Dandelion Blossom Wine

The late Edna Lewis was a Southern-cooking legend. She grew up in a small farming community in Virginia. In The Taste of Country Cooking (Alfred A. Knopf 1990), she wrote that in the very early spring, she would see her neighbors picking dandelions. For winemaking, she wrote, they had to be picked before noon. After that, the blossoms would close up tight. The wine was drunk at breakfast. This is adapted from her recipe.

1 gallon open dandelion blossoms

5 quarts boiling, noncarbonated water

3 1/2 pounds sugar

Pick dandelion blossoms far away from polluted areas, in clear, open fields.

Have at hand a good, clean stone crock or Pyrex container, because you will be pouring boiling water over the blossoms and a glass jar will crack and spoil your blossoms.

Pick over the blossoms. See to it that there are no spiders or bugs in them. Rinse. Drop the blossoms into the crock and pour the boiling water over them. Cover with a clean white napkin and let stand for three days where it's not too cold.

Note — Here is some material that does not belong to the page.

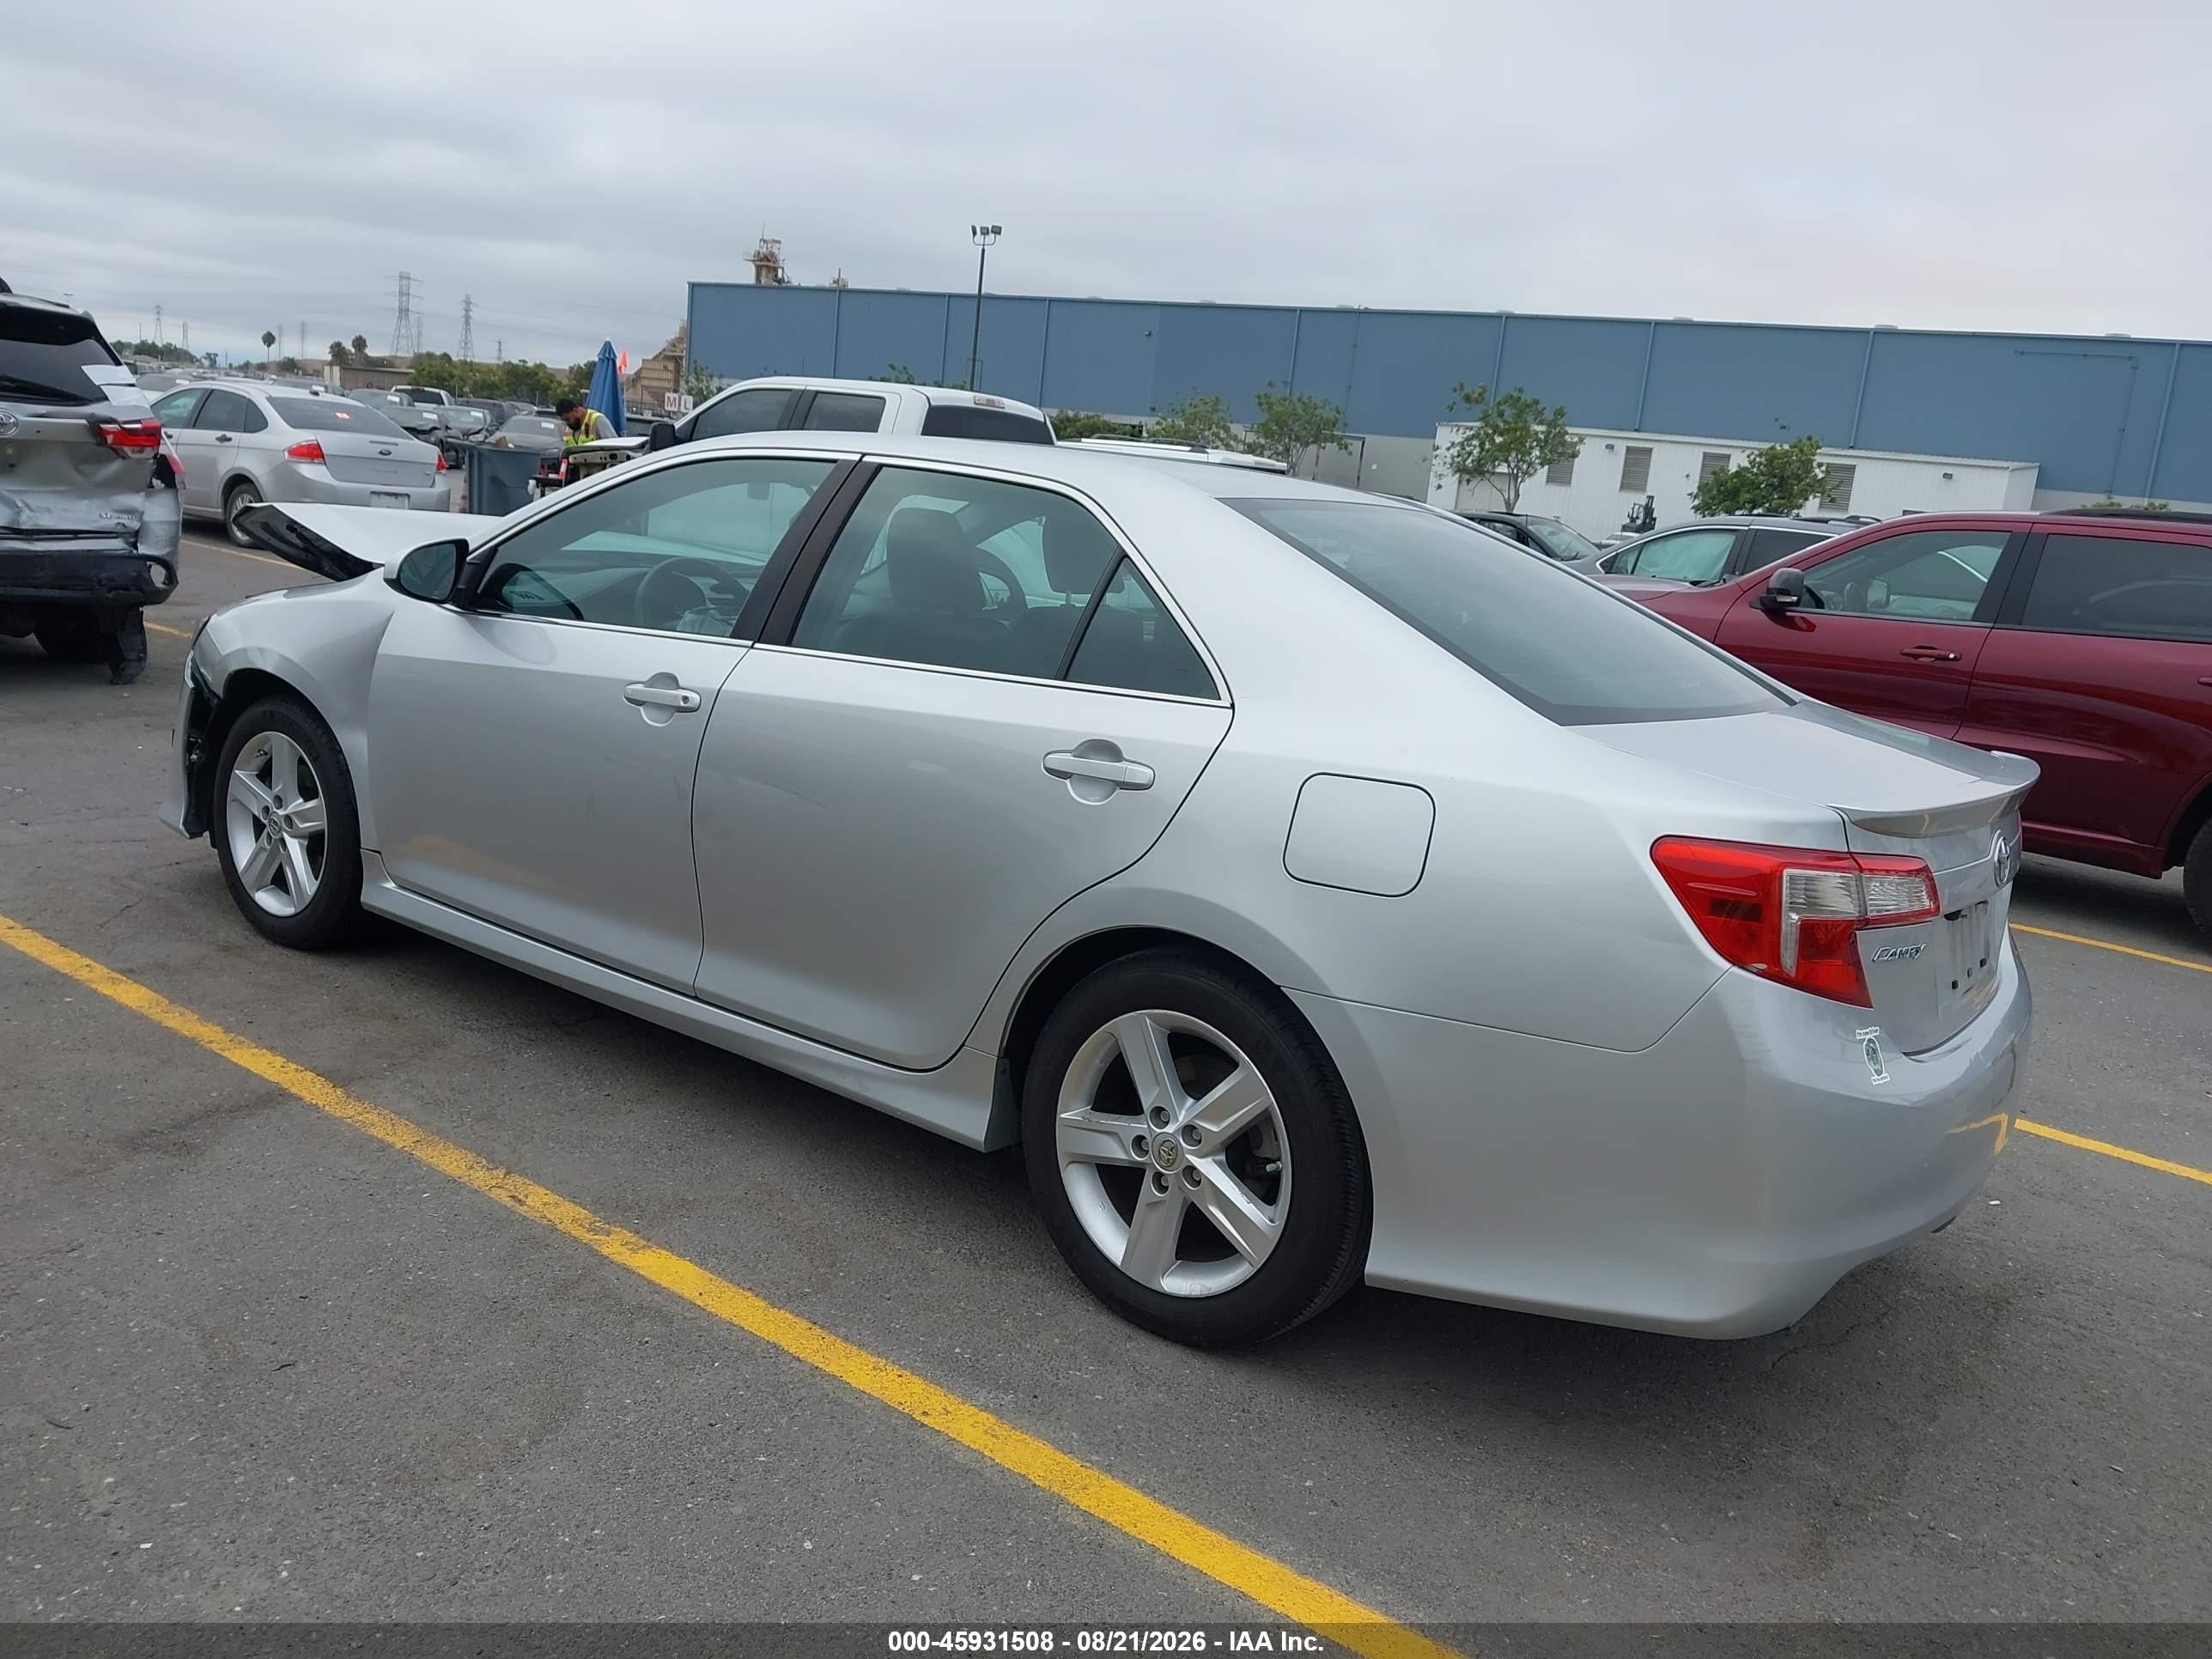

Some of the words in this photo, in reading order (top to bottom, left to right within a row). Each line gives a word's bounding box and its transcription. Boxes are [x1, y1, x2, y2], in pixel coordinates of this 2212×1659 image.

[666, 396, 677, 408] M
[684, 398, 690, 410] L
[1871, 944, 1926, 962] CAMRY

Strain through a thin, clean, odor-free cloth into a clean glass jar. Add the sugar and stir until the sugar dissolves. Cover again with a clean cloth and leave in the kitchen in a warm, draft-free place for three weeks. Then strain into clean, dry jars, filling up to the top. Tie a clean cloth over the mouth of each jar and leave to finish fermenting, which will take about four months, or until the wine stops being effervescent. Then strain carefully into clean bottles, leaving behind any sediment that settles on the bottom. Fill the bottles nearly full and cork tightly. Store in a dry, dark place.